Amy Stelly, an architect and the founder of the Claiborne Avenue Alliance in New Orleans, is one of many advocates pushing to put the land liberated by freeway removal into a community land trust—which separates the ownership of a structure, like a single-family home or an apartment complex, from the land beneath it—to create permanently affordable housing. “What a land trust must do now is put that affordable housing back so that the people who make New Orleans New Orleans can move back into the neighborhood,” saysStelly, who is Black and grew up within blocks of the highway she’s fighting to tear down.
Because of a 1995 state law governing the sale of highway rights-of-way, the City of Dallas—or a nonprofit community land trust—would have to buy any “surplus” land created by the removal of I-345 from TxDOT at fair market value, which is likely out of reach for anyone but for-profit developers. “The majority is going to be folks who have money and the opportunity to develop it,” Hawkins says. “That’s definitely not Black and brown folks.” But this is where federal funding—the $10 billion earmarked by Schumer in his Economic Justice Act and the $20 billion in Biden’s American Jobs Plan—could potentially be transformative, returning that land to community control. “Thankfully, highway removal is glamorous now,” Stelly says.
Like so many others, Robin Lafleur was grounded at home for most of 2020. In some ways, it was a relief. “It was refreshing to not be on the road in all of the hustle and bustle of I-35,” she says—a gift to get three hours of her day back. In November, she started commuting again, 50 miles a day, three to four days a week. She looked into taking public transit, hoping she’d be able to work on the way, but that would have added two hours to her round-trip journey.
In 2013, the Texas A&M Transportation Institute modeled seven scenarios for solving congestion on I-35 as Austin boomed. “Congestion will be severe even if a substantial amount of roadway capacity (typically as lanes) is added,” the study concluded, recommending that planners focus on managing demand on the highway: shifting 40 percent of commuters to work-from-home, creating virtual classes for university students, replacing in-person retail shopping with online shopping.
In March 2020, those recommendations became reality. After stay-at-home orders for Covid-19 went into effect, vehicle trips on I-35 dropped by roughly 40 percent, and congestion all but disappeared. “One of the things about the virus that I think is so important is that, up until now, that’s been a theoretical model, which might have been wrong,” says Heyden Black Walker of Reconnect Austin.
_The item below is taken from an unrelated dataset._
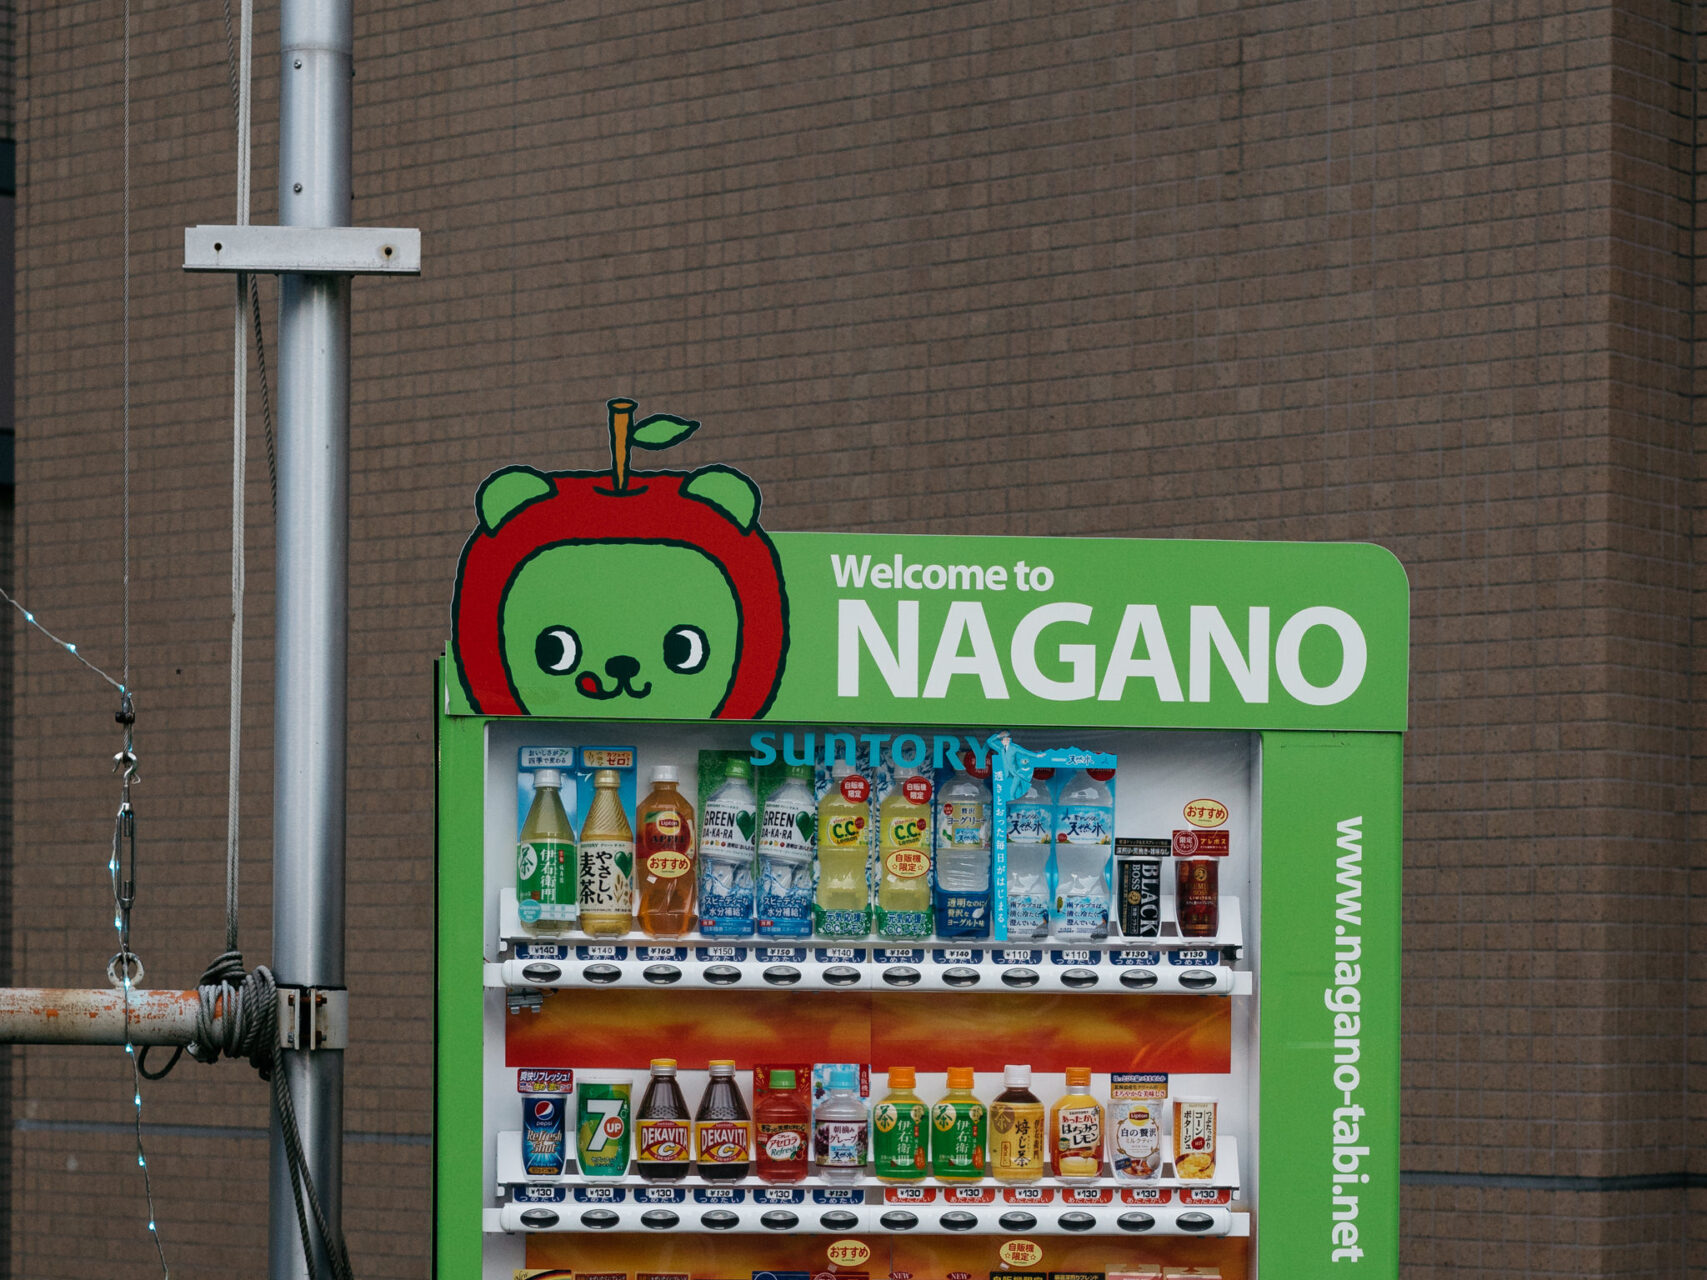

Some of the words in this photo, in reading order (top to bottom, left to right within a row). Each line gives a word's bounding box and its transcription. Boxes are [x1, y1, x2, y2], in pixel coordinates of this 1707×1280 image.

But by May 2020, anyone could go for a drive and see for themselves: You don’t have to get rid of all the cars to solve most traffic congestion. “I think we should use the pandemic as a time to really learn and reevaluate what we’re doing.”
In late 2020, TxDOT released renderings for I-35 that showed a 20-lane highway, including frontage roads—an increase of eight lanes. “To spend 7 or 8 billion dollars on a project like that, to me, just doesn’t make sense,” Lafleur says, “when a better solution would be to figure out a way to improve commuter options—getting us from one spot to another in a safer vehicle, in a bus or on a train, where you don’t have to worry about people who aren’t paying attention while they’re driving.” Lafleur loves her job helping people find homes in Austin. She just hates getting there.